Well, many people say it depends. What exactly it depends on for most of you i am not so sure. But here is what I am certain of.
The effect of that one late-night text or social media DM from a familiar account could sweep you off your feet in just a second.
I still love you and want you back could be the key that rekindles the sweet old flames.
Then, you start imagining how sweet it was. Yes, it felt heavenly. But it looks like the devil knew the way quite well.
Tapping back to reality will make you realize they are still your ex. Hopes of getting back with them dissolve as fast as the morning dew.
What if they walk away from my DM, bed, or life like before?
Or maybe you have tried to light it up with that sweet I miss you text message to your ex. A path you wish you never took after just one dinner date of unfortunate events. You finally realize the breakup was for the best!
It’s normal to miss your ex-partner, just like any other person. But having the feeling does not mean it is time to get back with them. Here is what you should know.
Relationship experts and therapists say we should take emotional feelings with a grain of salt!
No matter how itchy your fingers might be to type that text, dial that number, or drop by his house, learn to control them.
Whether you are going to get back with him or not, do not ever assume that it will be better simply because it did the first time. They still left anyway.
Consider the following before making that hasty decision:
Is it a mutual feeling?
So, you have received a message from your ex that I want you back? Does that mean he likes you truly? And what about you, is getting back with them a priority, or do you want to give in because you had a good time?
Before saying a yes or no, consider whether both of you want the same thing. Immediately trusting someone who has broken the vow is like betraying yourself.
Most times, your ex-partner will call you when they are nostalgic or just lonely. Sometimes they want to manipulate you by using your emotional grief to fetch something.
The idea of just giving in might sound a little lazy. It would be better if you had a clear stand on whether or not you want to get back.
You might want to consider never maintaining a friendship fling with an ex.
Have you been down this path before, or it’s your first breakup?
Although on and off bonds are usually viewed as romance, such relationships could be destructive.
Some couples have broken up and made up more than five times. Don’t you think it’s time you check out what’s happening?
These kinds of bonds could be draining you without your notice.
If this is your first ever breakup, you might ask yourself questions such as: Did you hastily decide to walk out without giving room for talks and possible solutions? Or was it the only and the best solution for the issue you had with your ex?
Did the relationship build or build or break you?
Who were you when you were in a relationship with your ex-partner? Did you feel fulfilled, or were you just there trying to cope because you already said yes to him/her?

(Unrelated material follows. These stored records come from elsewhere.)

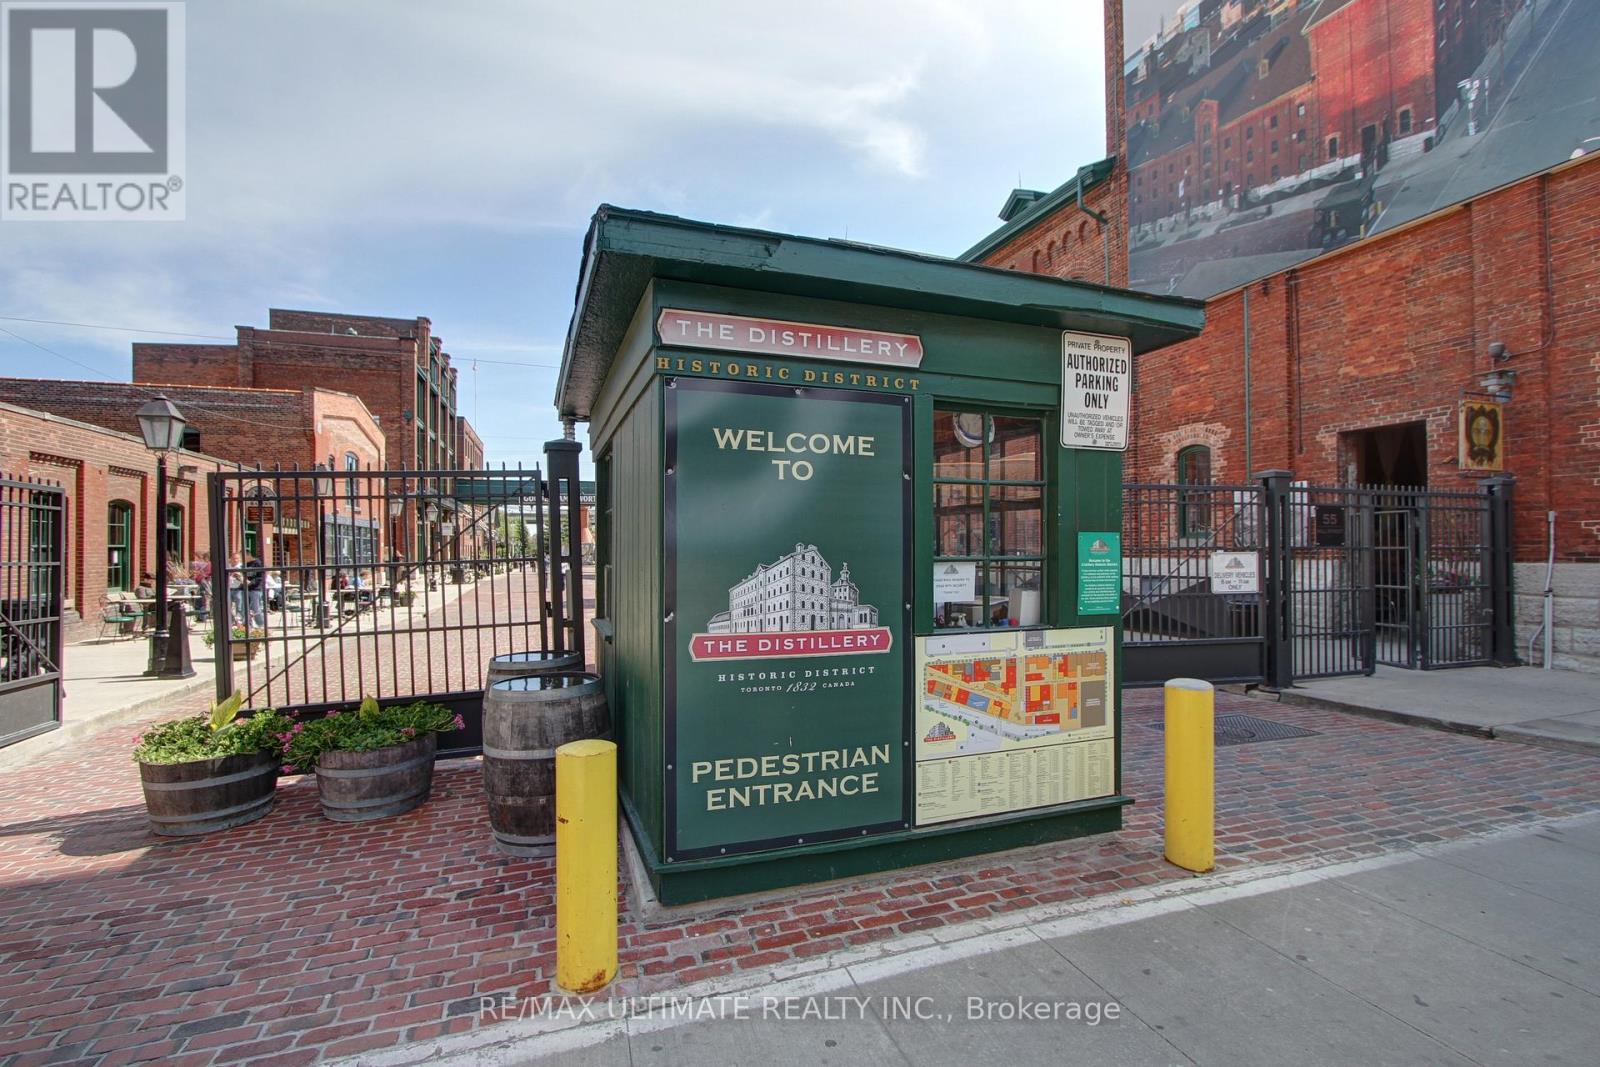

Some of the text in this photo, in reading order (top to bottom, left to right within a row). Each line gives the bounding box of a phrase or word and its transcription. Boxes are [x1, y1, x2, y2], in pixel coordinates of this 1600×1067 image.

[676, 319, 909, 357] THE DISTILLERY
[1067, 340, 1126, 354] PRIVATE PROPERTY
[656, 357, 920, 390] HISTORIC DISTRICT
[1067, 353, 1127, 375] AUTHORIZED
[1075, 373, 1119, 392] PARKING
[1084, 392, 1109, 409] ONLY
[713, 427, 875, 457] WELCOME
[771, 460, 814, 481] TO
[704, 634, 881, 653] THE DISTILLERY
[718, 666, 876, 682] HISTORIC DISTRICT
[740, 681, 855, 694] TORONTO 1832 CANADA
[691, 743, 891, 784] PEDESTRIAN
[706, 772, 879, 811] ENTRANCE

Don’t let your grief lead you to believe that your ex is the only antidote to your sadness. Or that you were delighted with the ex when in a real sense, it was the ex who caused you pain in the relationship.

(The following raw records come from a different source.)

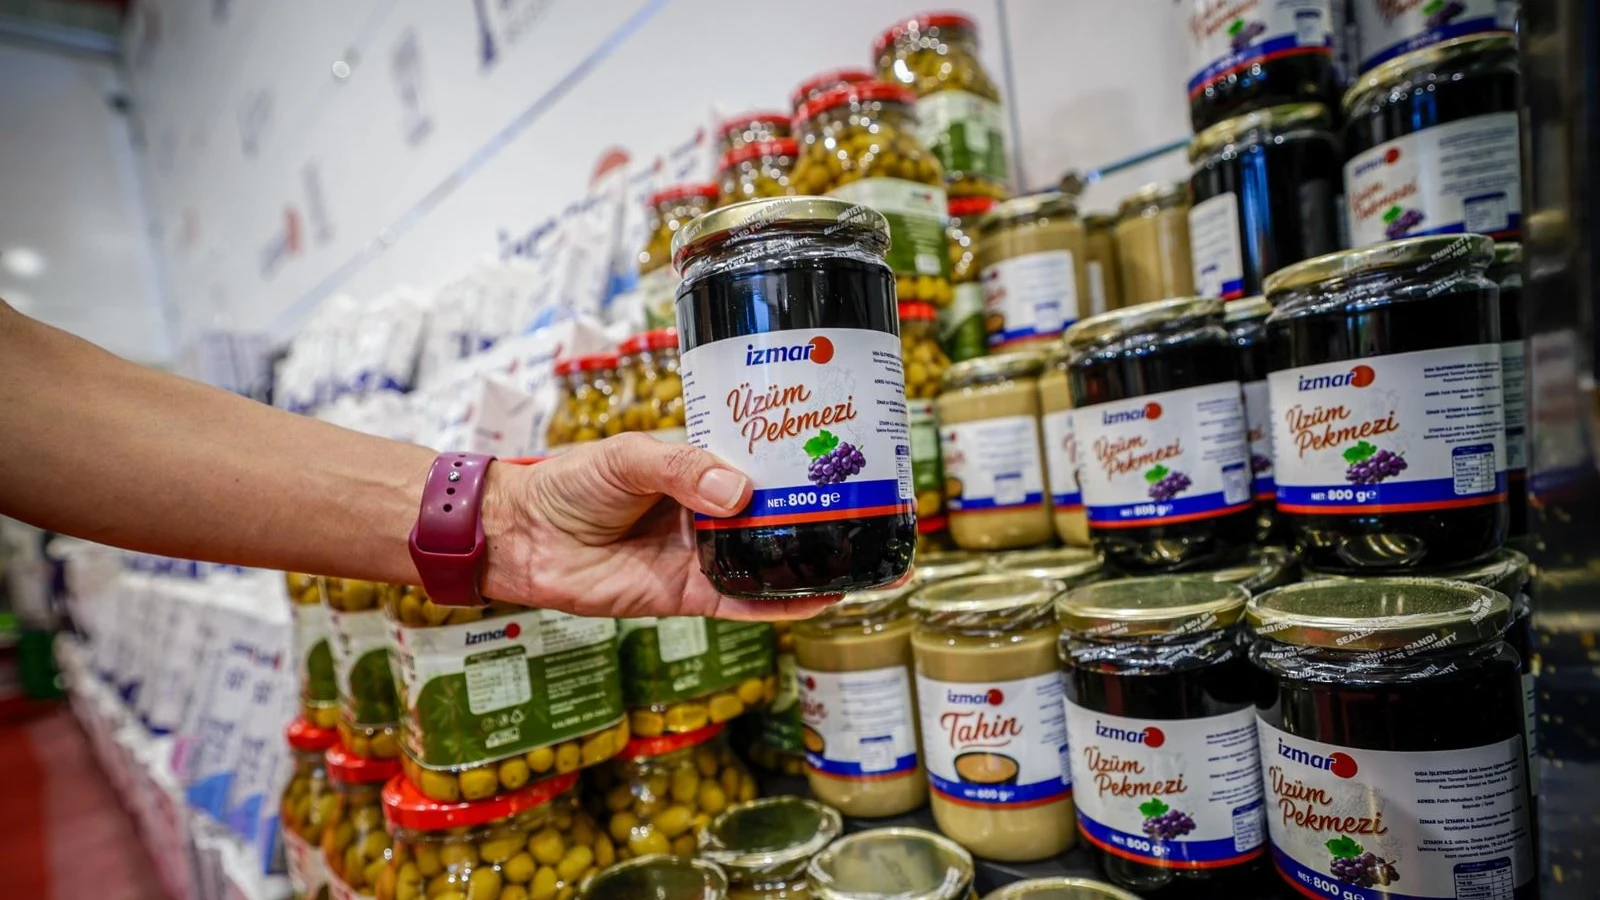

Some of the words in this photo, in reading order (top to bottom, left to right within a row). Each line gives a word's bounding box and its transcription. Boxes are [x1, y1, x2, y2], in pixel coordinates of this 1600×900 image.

[746, 343, 815, 366] izmar
[1298, 371, 1357, 392] izmar
[727, 382, 811, 423] Üzüm
[741, 395, 857, 454] Pekmezi
[1103, 410, 1147, 425] izmar
[1286, 404, 1351, 434] Üzüm
[1296, 411, 1400, 459] Pekmezi
[767, 498, 787, 508] NET:
[788, 494, 818, 507] 800
[1328, 490, 1354, 501] 800
[947, 689, 992, 705] izmar
[940, 711, 1023, 749] Tahin
[1096, 720, 1148, 743] izmar
[1084, 746, 1145, 774] Üzüm
[1278, 737, 1337, 771] izmar
[1094, 773, 1188, 798] Pekmezi
[1269, 766, 1333, 805] Üzüm
[1279, 798, 1388, 836] Pekmezi
[1127, 836, 1150, 852] 800
[1297, 871, 1313, 885] NET:
[1313, 877, 1340, 896] 800

When you feel like you do not know yourself anymore and pile all the blames on yourself when they were the problem, it’s a sign you are engrossed and lost in the relationship. You did not realize the ex didn’t treat you like you deserved.
You don’t have to feel like a failure all your life because the ex left when they ought to stay. These things might make you give in to a second, third, or even tenth emotional torture.
You can use this pain to understand yourself and build your self-esteem fully.
Have you taken the time to analyze and understand why they left?
A breakup can take a heavy toll on you. Your ex is someone you had trusted and hoped for a future with, a stranger who eventually became your best friend. Now they are no longer part of you.
Before getting to talk with them again, take time to mourn. Let it sink deep that it was the best thing to do, and there was a reason why it did not work out the first time.
Why didn’t it work out the first time?
Okay, this is a must-ask question because it could happen again. Before returning to your ex, you must consider if both of you are ready to work to resolve the past issues.
Is it you or them who was the problem? If you are giving it a second chance, it’s advisable to work past the differences. You have to be in sync, which means changing attitudes, mindsets, and everything unhealthy to the relationship.
Make a decision whether or not you want to get back with your ex based on his current situation and not how you wish they would be in the future.
Ask yourself questions such as will they truly change if I get back with my ex? And what if they don’t, will I accept them? You should never get back to them if your answer is no.
Existing in a merry-go-round breakup and making up a relationship might be so because you have not gathered the confidence to get off the ride.
Take time to build a healthy boundary. Do not be selfish when making this decision; never forget to put yourself first.
Also, promises are not good places to start with. Your ex should demonstrate that they are actively addressing the past issues and deal breakers independently of you.